Root Doctor turns 30 this year, and Lansing’s most hard-working, low-riding, high-flying music-mobile can add Best Jazz Musician to an already festive anniversary lap. Like the Capital City itself, Root Doctor is a warm, welcoming intersection of blues, rock, jazz and soul. Many of Lansing’s top musicians have put their shoulders to the Root over the years, from shredding guitarist Greg Nagy to B-3 organ virtuoso Jim Alfredson, as the ensemble morphs through new styles and attitudes. The current lineup consists of keyboard wizard Chris Cory, guitarist Bill Malone, bass player James Williams, drummer Bob Gardner and the group’s not-so-secret weapon, Lansing soul icon Freddie Cunningham on vocals.

(517) 881-8158,,

 Sir Pizza Grand Café Old Town “Best Open Mic”

Open Mic Wednesdays at Sir Pizza, is everything an open mic night should be — raucous, hilarious, messy, welcoming. A rotating set of regular headliners (Shine On, Hansel’s Regrettal, Mic and Cheese) and hosts (Ron St. Germain, Brandon Michael McCoy, David Winkelstern, Scott Carlson, Craig Gillengerten, Benny Henderson and Richard Merrill) generate a sweet vibe that often spills into the street. The squeak of the floorboards, the smell of dough in the oven, the Grand River rushing outside the windows combine to create a cozy yet cavernous space, conducive to the most unabashed vocal effusions.

7-11 p.m., Every Wednesday, 201 César E. Chávez Ave. Lansing, MI, (517) 484-9197

Breakout “Best Escape Room”

Breakout Escape Rooms is just the sort of off-kilter enterprise you’d expect to find underneath Lansing’s guerilla-foodie Street Kitchen restaurant on Michigan Avenue. Technically, Breakout is a chain, with locations in Warren, Ann Arbor, Lansing and Orlando, Florida, but there’s nothing corporate about this bizarre burrow of bafflement. Groups of four to 12 people scheme and puzzle their way out of three themed rooms, using clues hidden in drawers, under objects, beneath black lights or hidden in plain sight. A circus ringmaster’s quarters, a shady CEO’s spy den and a zombie-infested roadhouse have been lovingly cobbled together from thrift shop finds and sheer low-budget, DIY creativity.

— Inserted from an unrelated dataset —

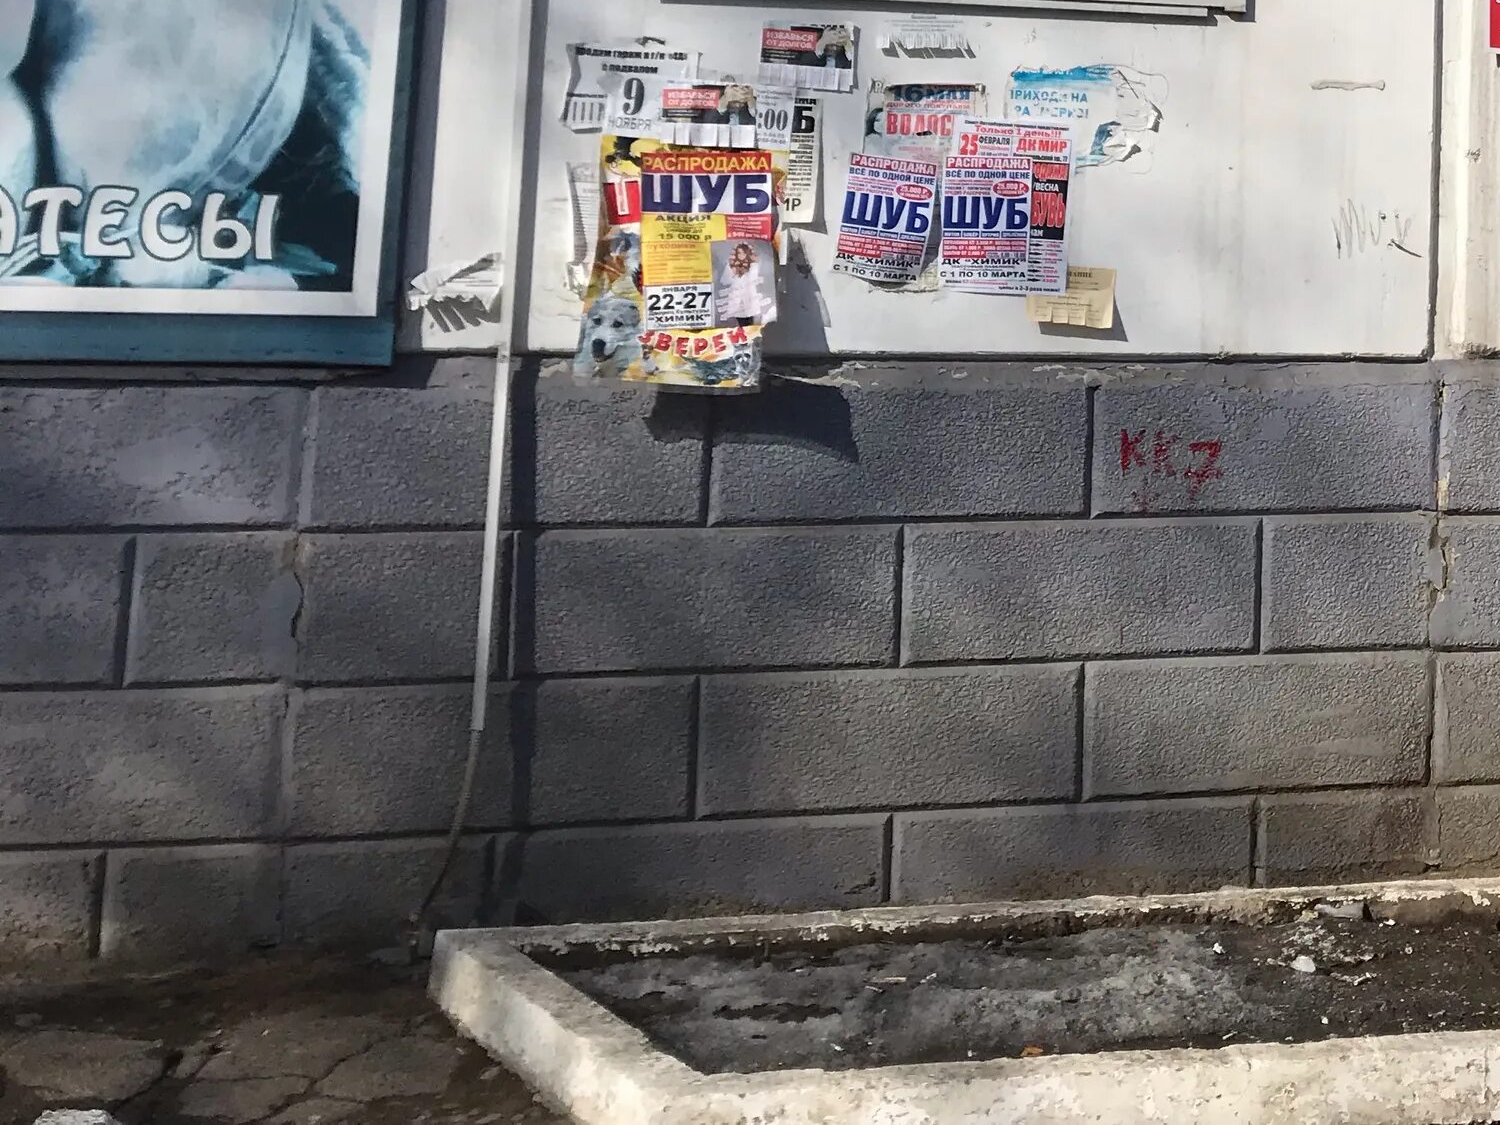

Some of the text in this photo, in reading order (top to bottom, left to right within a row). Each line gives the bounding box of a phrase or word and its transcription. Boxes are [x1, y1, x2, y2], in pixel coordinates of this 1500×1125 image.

12 – 8:45 p.m. Monday – Thursday, 12 – 10:30 p.m. Friday – Sunday, 2722 E. Michigan Ave. Lansing, MI

(586) 359-6944, Roombreakout/

The Goddamn Gallows, “Best Punk Band”

Since 2004, The Goddamn Gallows have drifted far from its hometown of Lansing — rigorously touring the globe while leaving a stack of twanged-out, gutterbilly LPs in its wake. Right now, the five-piece is in Germany amid another European tour, a west coast tour is next. The caravanning band placing first in “Best Punk Band” and second in “Best Country Band” is not shocking.

“As we aged and turned into old punk rockers, we decided to mix in some old-time country flavors to stir the pot a little bit,” said frontman Mikey Classic. “We’ve been messing around with some metal riffs and adding that in, too.”

This winter, the band returns to the studio to cut its seventh album.